Siyasal gündemde bazı tarih ve buluşmalar, özellikle öne çıkarılınca, ister istemez beklentiler de çoğalıyor. Erdoğan'ın 16 Kasım 2013 Diyarbakır ziyareti, bu bağlamda, ulusal medyada, çeşitli başlıklarla inceleniyor. İçinde yaşadığımız Gösteri Toplumu'nda (Bkz: Guy Debord, Society of the Spectacle, Zone Books, New York, 1994 ) siyaset deyim yerindeyse bir temaşa sanatıdır.

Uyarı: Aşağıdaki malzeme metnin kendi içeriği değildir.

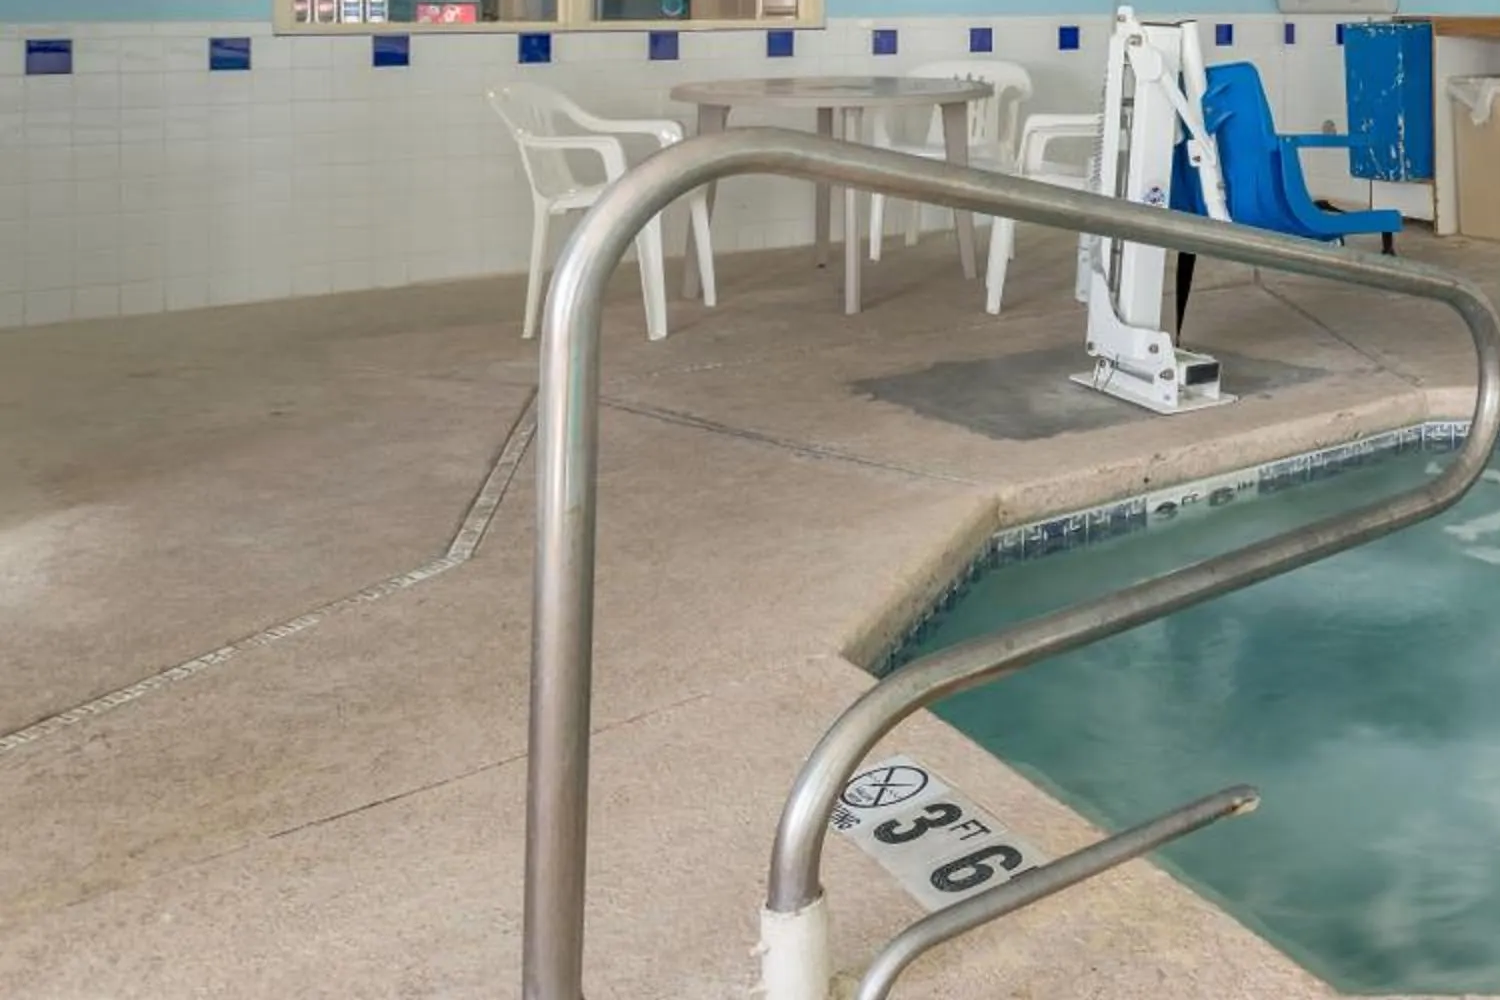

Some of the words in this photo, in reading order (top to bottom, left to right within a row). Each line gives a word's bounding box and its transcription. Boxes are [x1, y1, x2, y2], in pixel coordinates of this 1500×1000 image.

[873, 803, 963, 844] 3
[950, 818, 992, 841] FT
[930, 845, 1024, 892] 6

Debord'un aynı adlı yapıtında belirttiği üzere, siyasetin kendisi, mutlaka popüler figürlerle desteklenmeli, siyasal etkinlikler birer gösteri (şov) havasında geçmelidir.
İşte bu bağlamda, Şivan Perver ve İbrahim Tatlıses'in "düet" yaptıkları "Diyarbakır çıkarması", belirttiğimiz siyaset tarzının tipik bir yansımasıdır.
Öte yandan Erdoğan'ın "Diyarbakır çıkarması"nın asıl "yıldızı", Irak Kürdistan Bölgesel Yönetimi Başkanı ve Irak Kürdistan Demokrat Partisi Genel Başkanı Mesud Barzani'dir. 2005 Irak anayasasına göre, resmi sıfatlara kavuşan Barzani, Kürtler açısından fiilen "devletleşen" ilk lider olarak algılanmaktadır.
PKK terör örgütü lideri Öcalan'la "İmralı"da yapılan diyalog, PKK'nın "çekilme süreci"nin aksamaya başladığı momentumda, Barzani'nin Diyarbakır ziyareti gerçekleşmiştir. Peki bu çerçevede Barzani, PKK'ya karşı bir koz mudur, yoksa rakip midir? Dile getirdiğimiz soru, bir bakıma indirgemeci bir anlayışı ifade etmektedir. Zira Barzani, zaman zaman ters düştüğü PKK'yı, kendi kontrolündeki Kandil'de barındırmaktadır. Bununla birlikte, PKK ile, İran-Suriye hattında ters düşmektedir. Sözgelimi, Barzani, Suriye'nin Rojava bölgesiyle sınırlarını kapatmıştır. PKK'nın uzantısı kabul edilen PYD'nin Rojava'da ilan ettiği fiili yönetim, biçim olarak Irak Kürdistan Bölgesel Yönetimi'nin "yol haritası"nı andırmaktadır. Ancak Barzani, şimdiye kadar, Türkiye ile ilişkilerinde kimi zaman bir kart, kimi zaman bir unsur olarak ele aldığı PKK-PYD çizgisinin, kendine ait bir bölgeye kavuşmasından rahatsızdır. Kürtler arasındaki "devlet tekeli"ni elinde kaçırma riski, kendisini rahatsız etmektedir.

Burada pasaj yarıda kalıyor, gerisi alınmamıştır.